Assigned task ->
Return only the lines from the one that contains "Some of the words" through the last line of the records below, exactly as they stand. Pictures are not part of the copy.
-- Data listing follows --
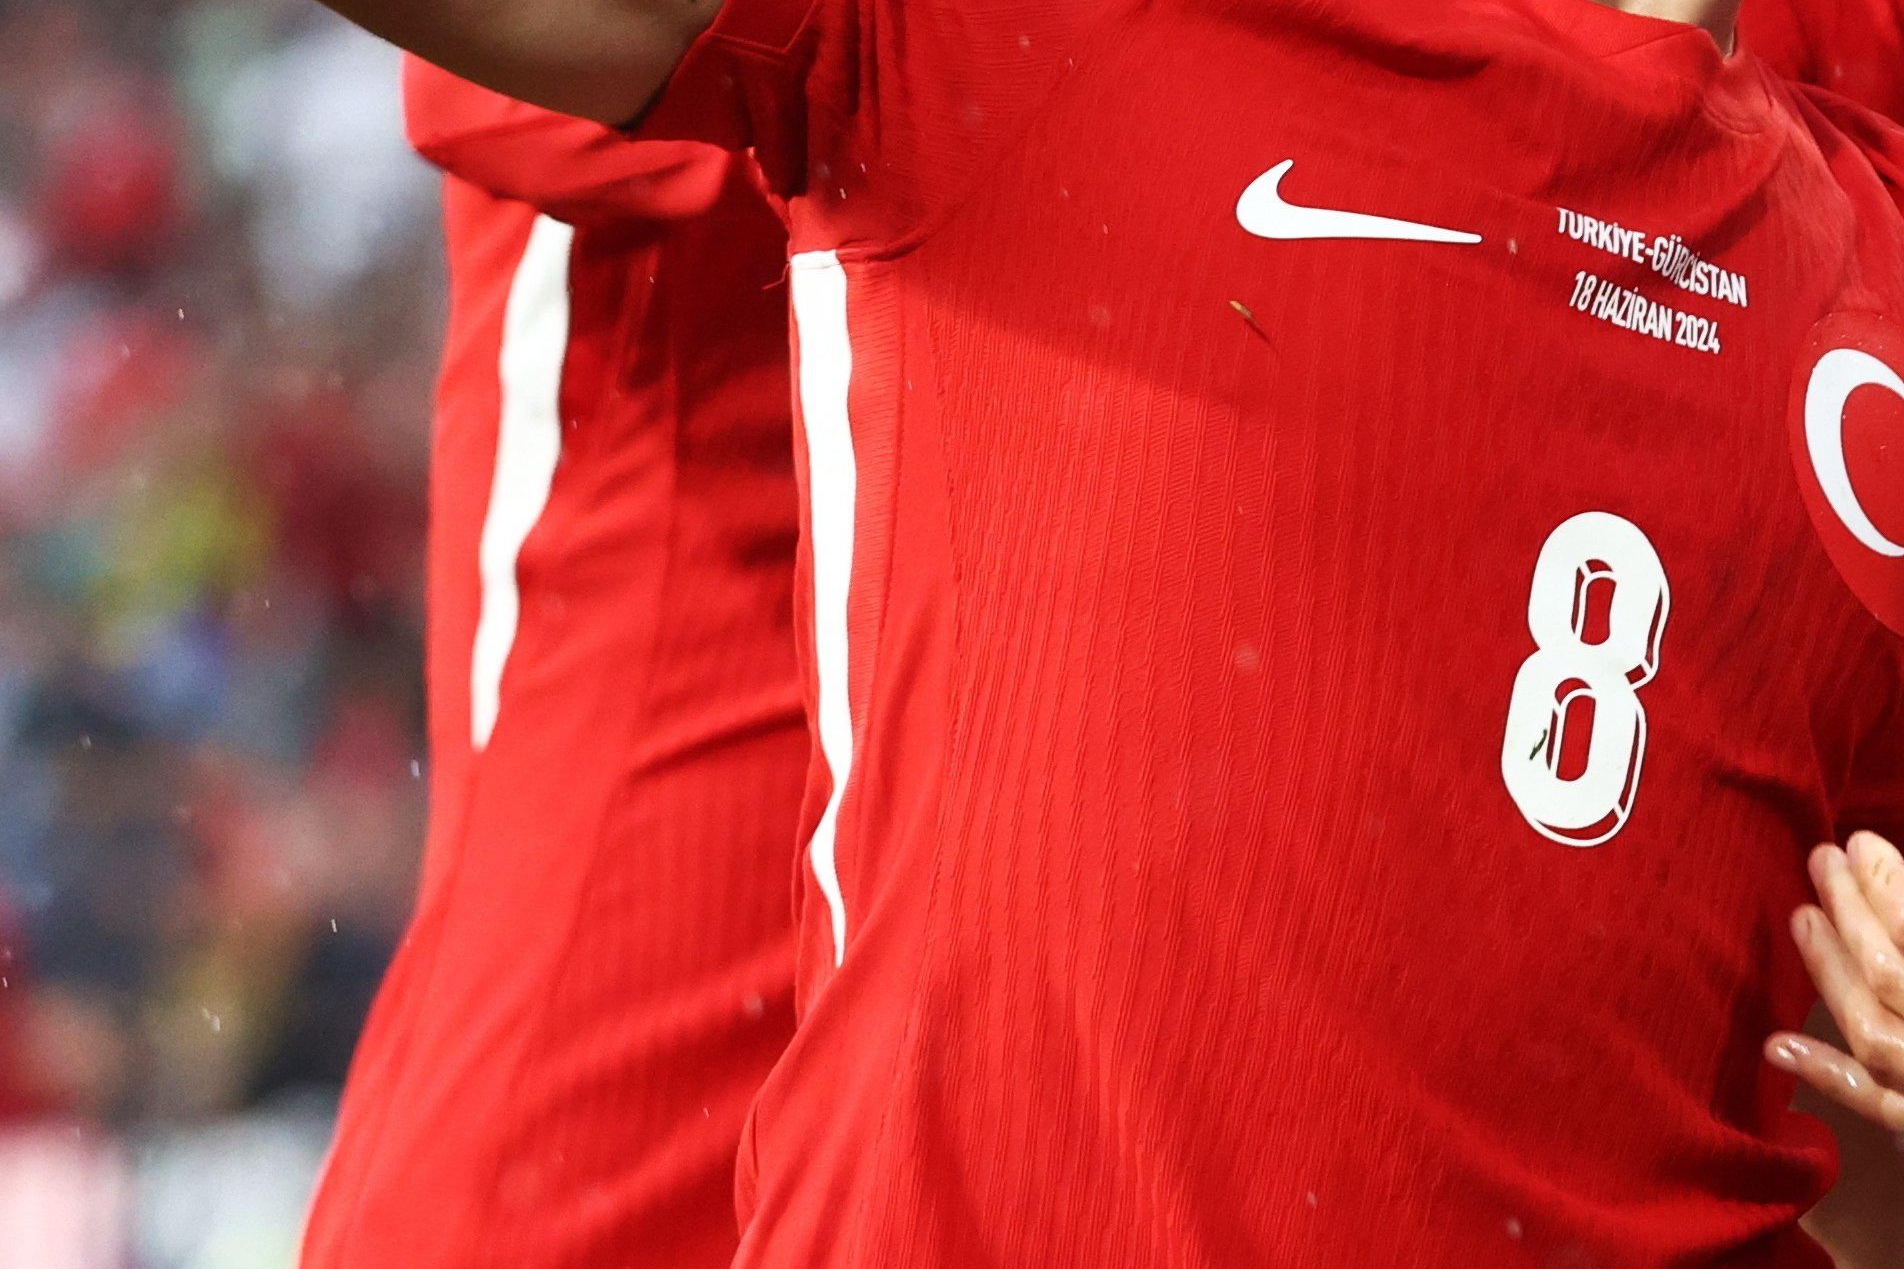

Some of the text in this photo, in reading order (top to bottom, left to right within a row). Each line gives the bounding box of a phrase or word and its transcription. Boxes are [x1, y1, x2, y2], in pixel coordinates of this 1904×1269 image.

[1569, 270, 1597, 311] 18
[1675, 311, 1721, 354] 2024
[1501, 511, 1671, 847] 8
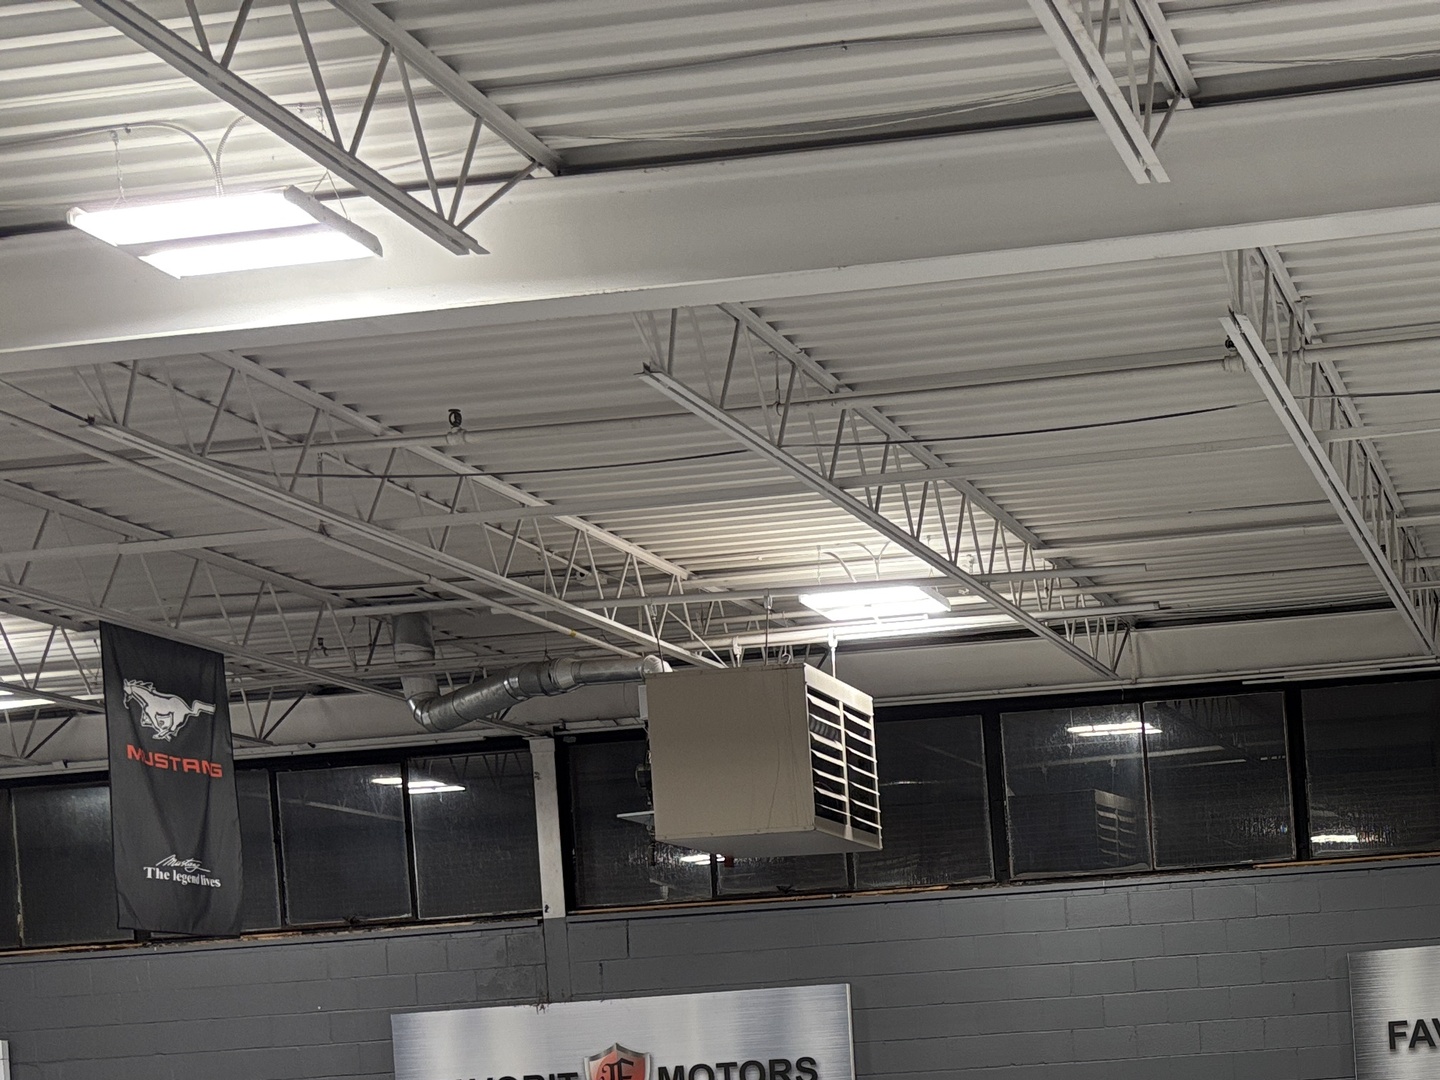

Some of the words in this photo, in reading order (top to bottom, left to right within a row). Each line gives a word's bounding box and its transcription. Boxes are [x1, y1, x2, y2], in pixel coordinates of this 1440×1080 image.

[126, 744, 223, 778] MUSTANG
[143, 866, 170, 880] The
[173, 869, 200, 886] legend
[200, 874, 221, 888] lives
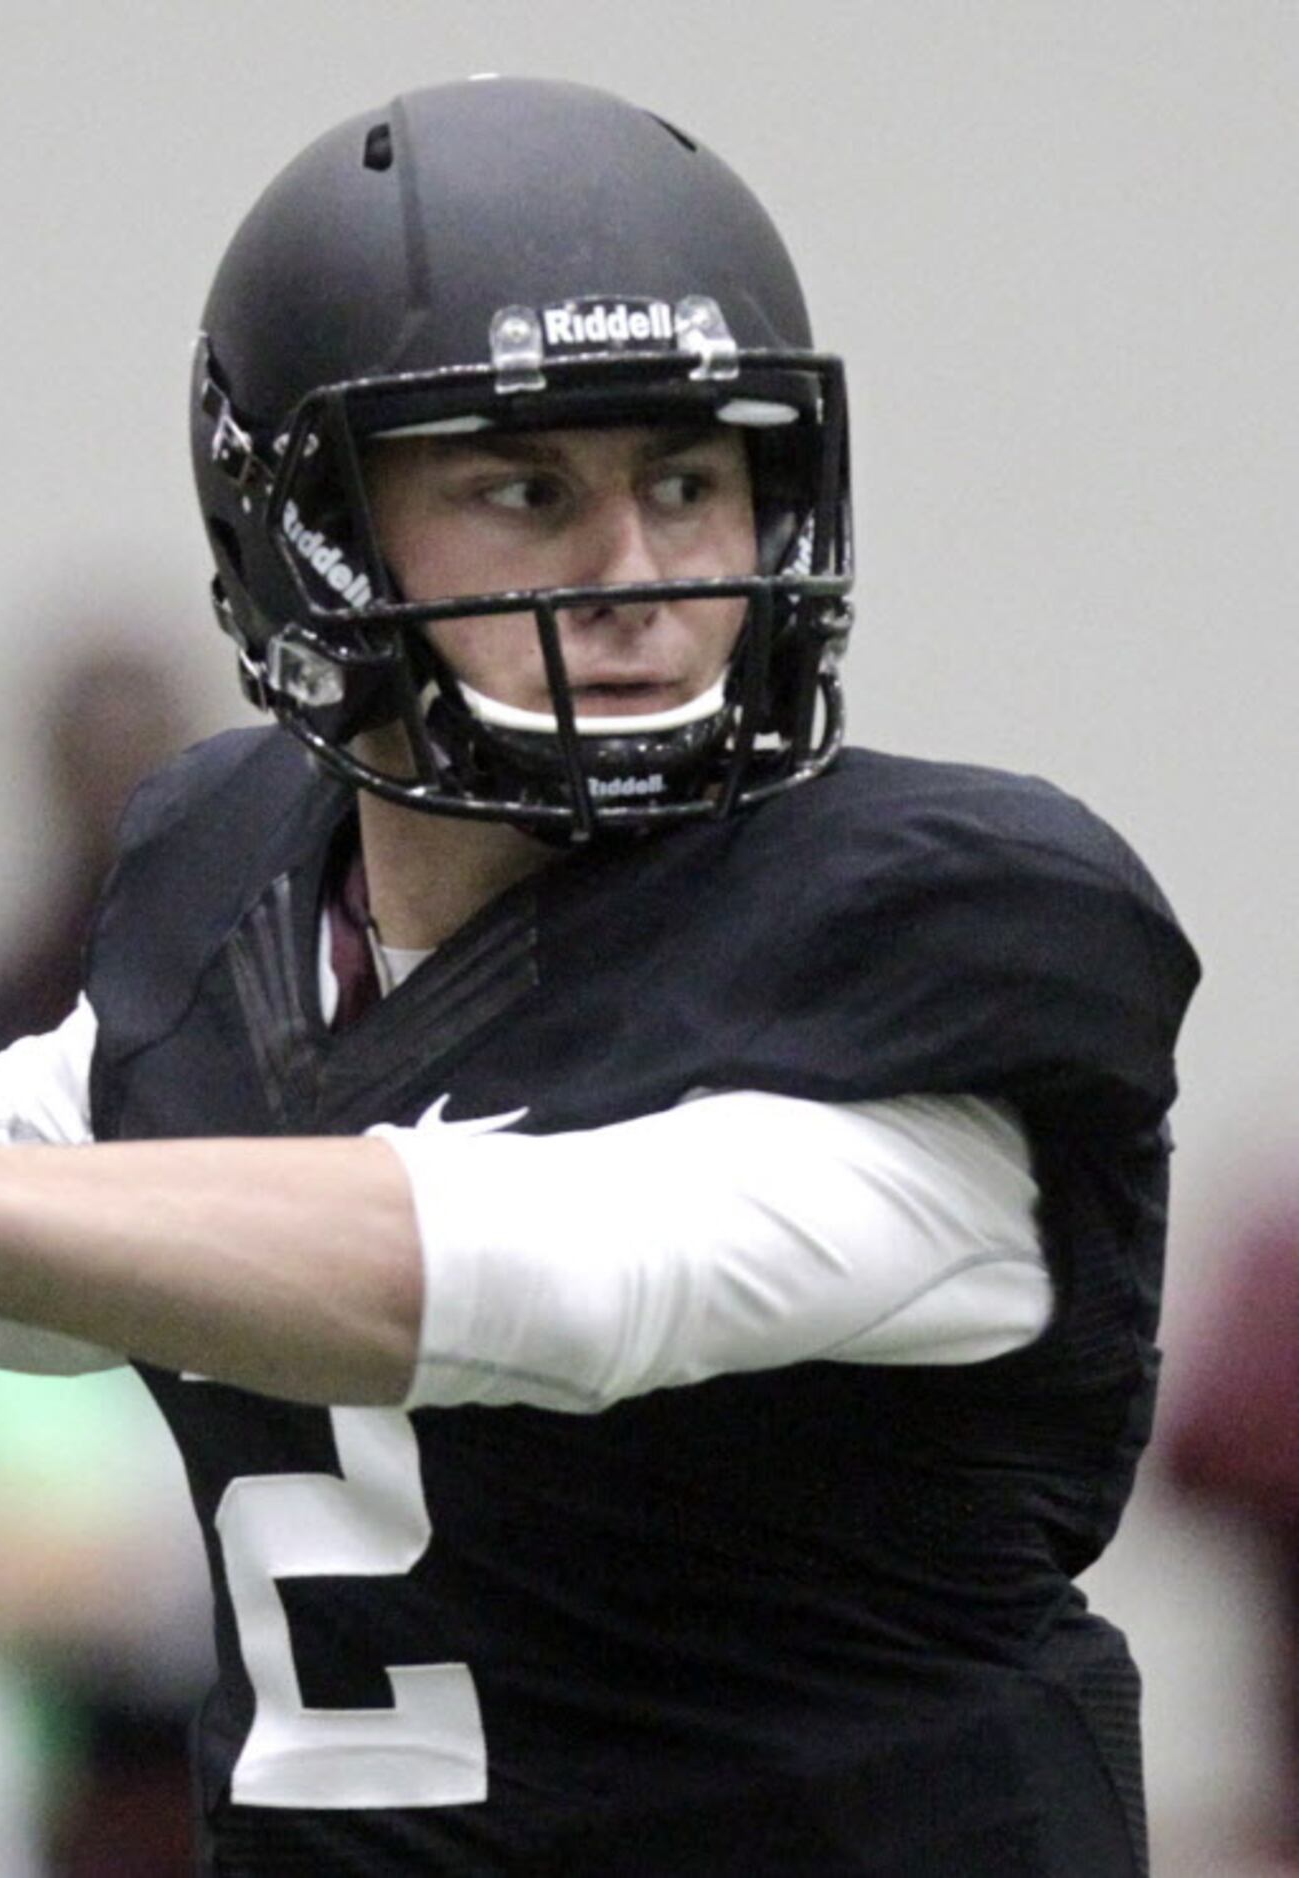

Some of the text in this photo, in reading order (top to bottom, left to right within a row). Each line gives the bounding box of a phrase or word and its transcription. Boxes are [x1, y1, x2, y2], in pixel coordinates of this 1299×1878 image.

[544, 301, 675, 346] Riddell
[282, 498, 372, 609] Riddell
[214, 1404, 488, 1811] 2
-- Data listing concluded --
Answer for the task ->
Some of the words in this photo, in reading order (top to bottom, left to right within a row). Each line gives a word's bounding box and its transcription. Boxes are [x1, y1, x2, y2], in pixel coordinates of this 1440×1080 image.

[126, 744, 223, 778] MUSTANG
[143, 866, 170, 880] The
[173, 869, 200, 886] legend
[200, 874, 221, 888] lives

Some of the text in this photo, in reading order (top to bottom, left to right within a row). Each line gives the bounding box of a phrase or word and its transcription. Boxes are [x1, y1, x2, y2], in pixel coordinates of this 1299×1878 image.

[544, 301, 675, 346] Riddell
[282, 498, 372, 609] Riddell
[214, 1404, 488, 1811] 2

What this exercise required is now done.